In December 2024, Ethereum (ETH) traded above $4,000, with speculation that it could retest its all-time high of $4,878 from November 2021.
However, ETH has since fallen to $2,639. Similarly, Solana (SOL) reached a new high of $295 on January 19, only to drop to $201 in subsequent weeks.
Meanwhile, the meme coin sector saw a 32.38% decline in total market capitalization by the end of December, further reinforcing weak sentiment across the crypto space.
Crypto analyst Matthew Hyland recently suggested that altcoins may not revisit their December highs for at least two months, if not longer.
Hartmann echoed this view, stating that market sentiment is “absolutely wrecked,” which is often a bullish signal.
The Crypto Fear and Greed Index has dropped to 46 (“Fear”), a sharp decline from last week’s “Greed” score of 60.
Other analysts agree that poor sentiment could indicate a reversal. Mike Alfred, a well-known crypto analyst, noted that the “terrible” sentiment mirrors past conditions that led to major market-wide rallies.
Bitwise Chief Investment Officer Matt Hougan also weighed in, stating that retail sentiment is the worst it’s been in years.
However, Hougan pointed out that institutional investors remain “extraordinarily bullish,” highlighting a major disconnect between the two groups.
Venture Capital Sell-Offs May Be Nearing an End
Hartmann believes that while crypto prices may continue to fluctuate, the market could be entering its final corrective phase.

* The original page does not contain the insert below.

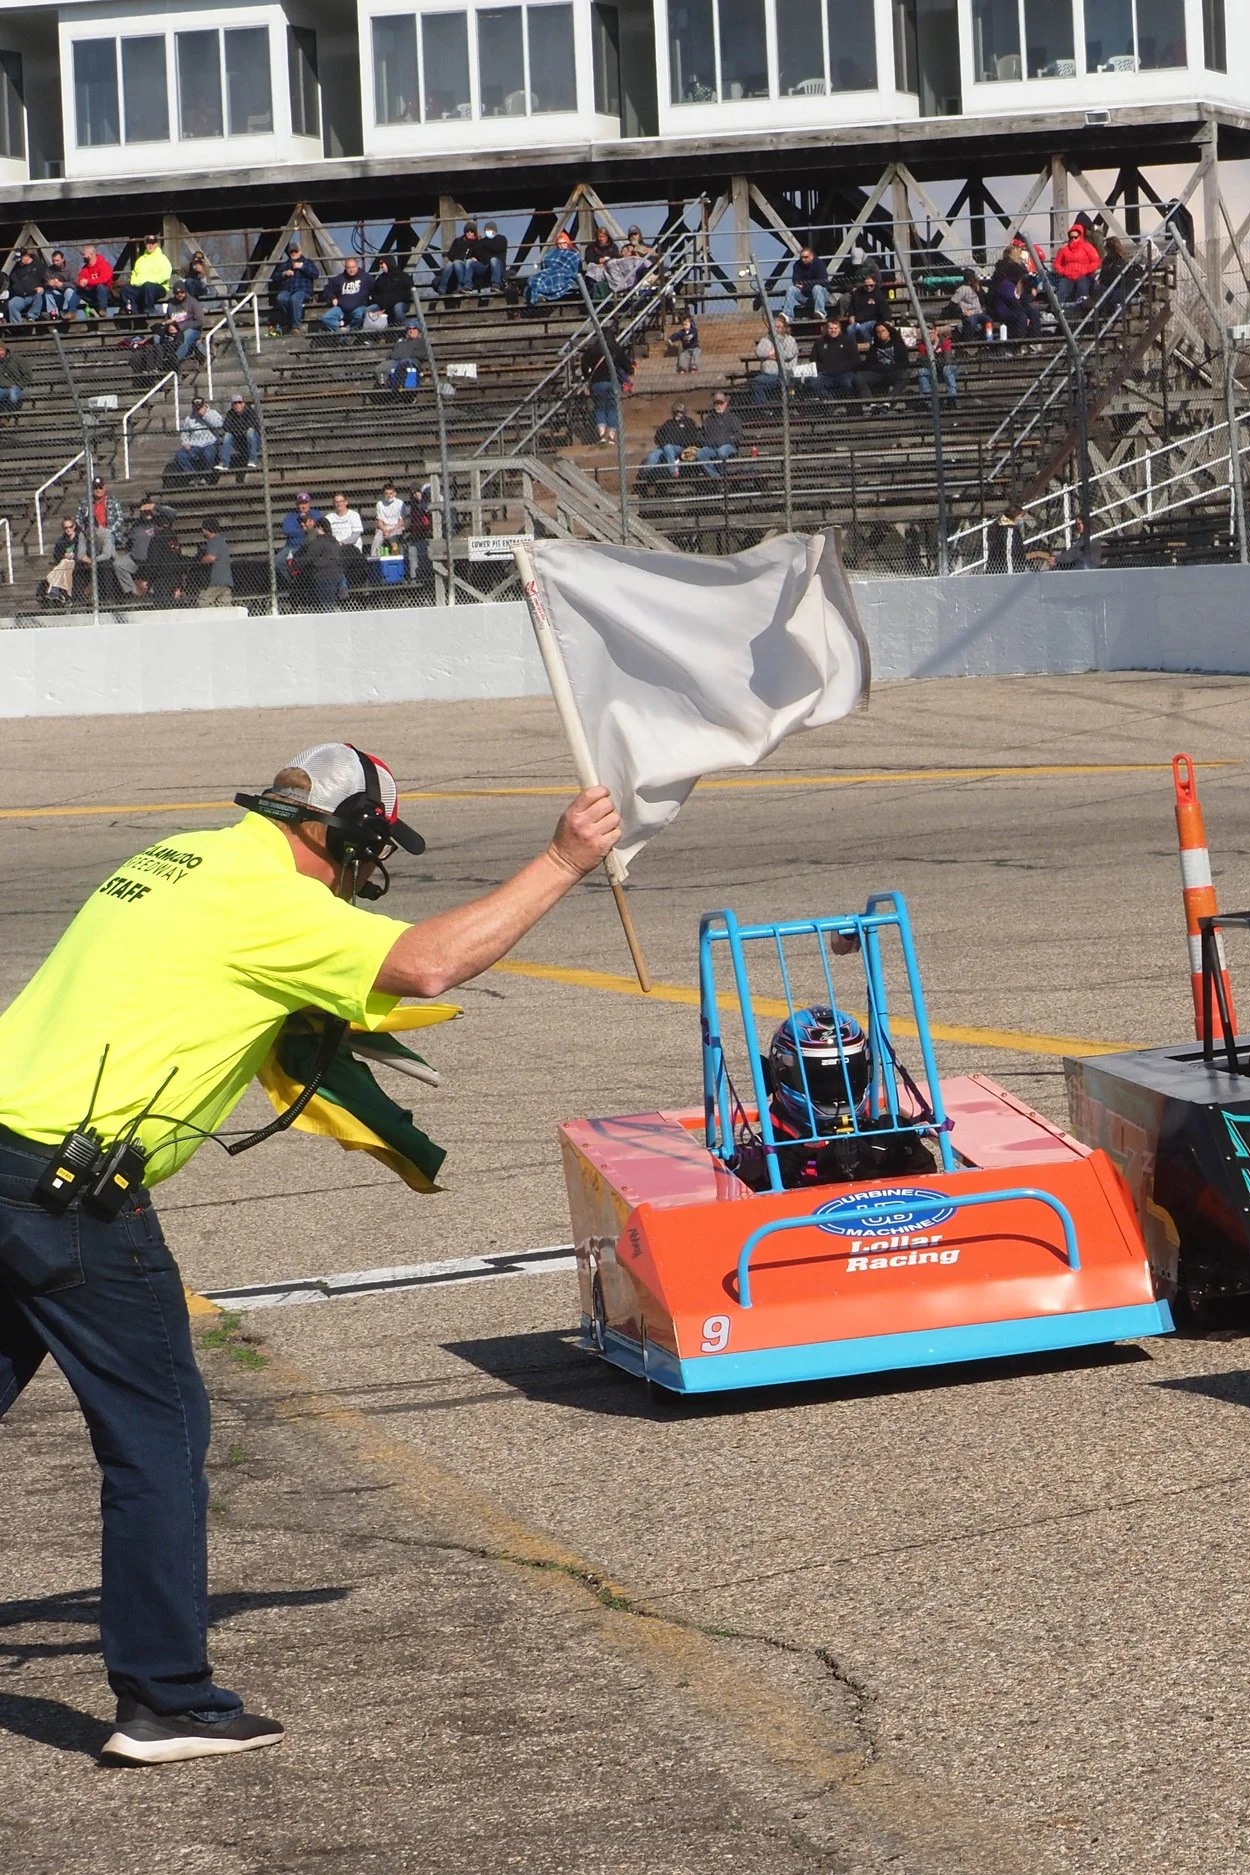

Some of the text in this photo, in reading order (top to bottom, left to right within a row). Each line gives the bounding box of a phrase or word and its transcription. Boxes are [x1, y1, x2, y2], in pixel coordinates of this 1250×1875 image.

He pointed out that most venture capital token allocations have already been liquidated over the past two quarters, suggesting that selling pressure is easing.
Between March and October 2024, approximately $35 billion worth of unlocked tokens flooded the market, significantly increasing supply and contributing to price declines.
With fewer new tokens hitting exchanges, the market may soon stabilize and reverse upward.
As reported, the amount of Ether withdrawn from crypto derivatives exchanges has surged to its highest level since August 2023, a development analysts interpret as a bullish sign for ETH’s price.
On February 6, Ether’s net outflows from derivatives exchanges reached 300,000 ETH, valued at approximately $817.2 million, with ETH trading at $2,724 at the time.
This movement suggests reduced selling pressure as traders close leveraged positions and move assets to cold storage.